TASK TO CARRY OUT:
Set down the data below without change, skipping the pictures it holds.

....

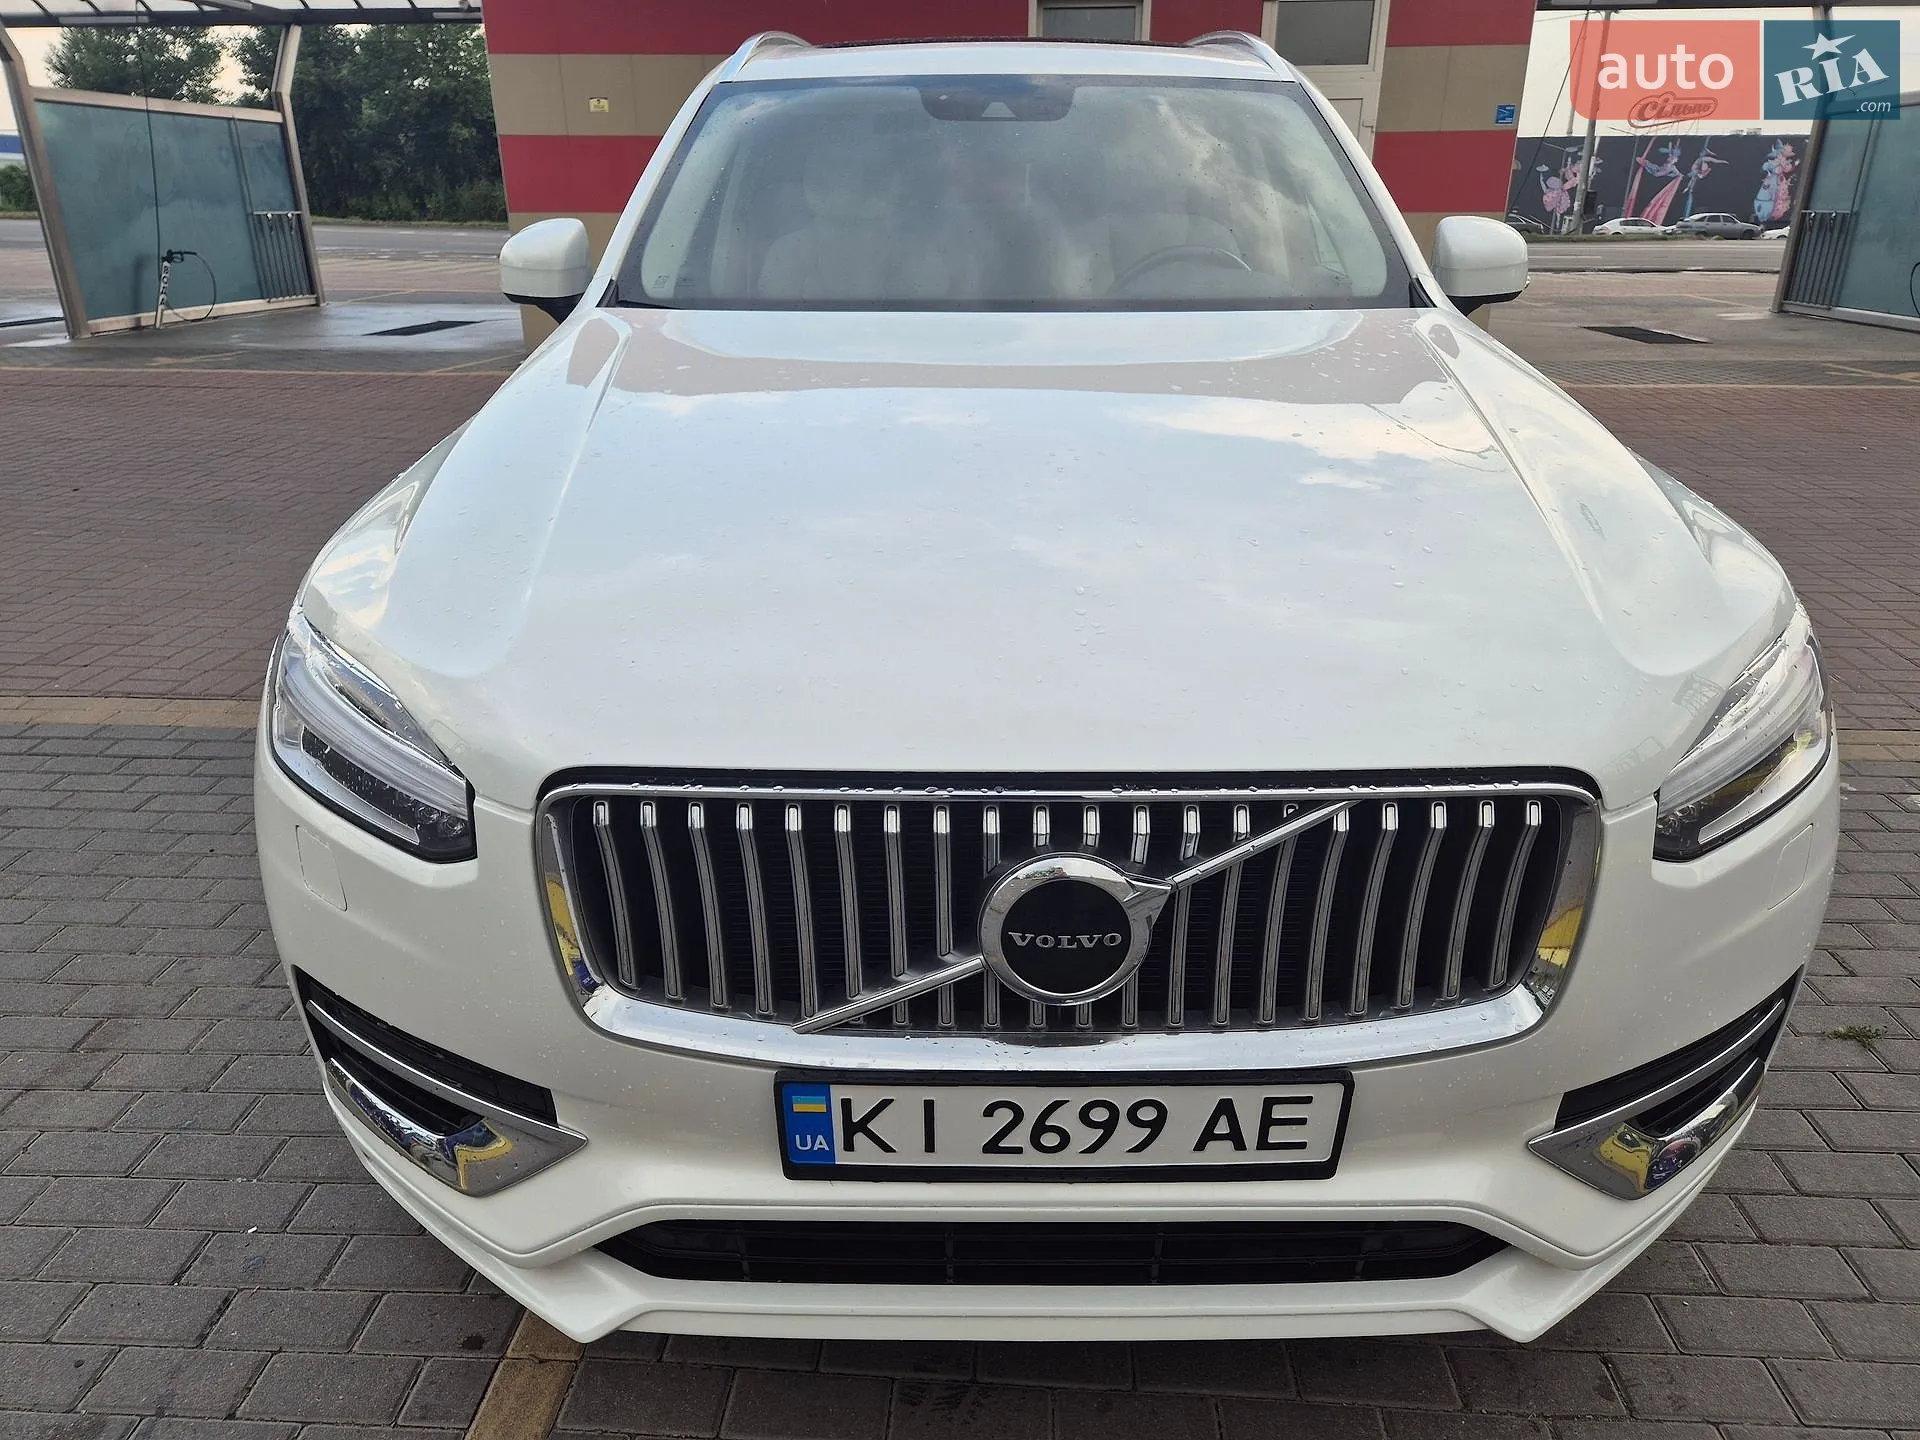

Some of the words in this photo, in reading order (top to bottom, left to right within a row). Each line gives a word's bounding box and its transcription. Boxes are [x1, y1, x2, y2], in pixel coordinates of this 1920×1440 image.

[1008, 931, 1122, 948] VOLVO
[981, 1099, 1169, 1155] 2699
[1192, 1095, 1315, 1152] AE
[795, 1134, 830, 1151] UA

....

EXERCISE RESULT:
Some of the words in this photo, in reading order (top to bottom, left to right within a row). Each line gives a word's bounding box and its transcription. Boxes are [x1, y1, x2, y2], in pixel coordinates of this 1920×1440 image.

[1008, 931, 1122, 948] VOLVO
[981, 1099, 1169, 1155] 2699
[1192, 1095, 1315, 1152] AE
[795, 1134, 830, 1151] UA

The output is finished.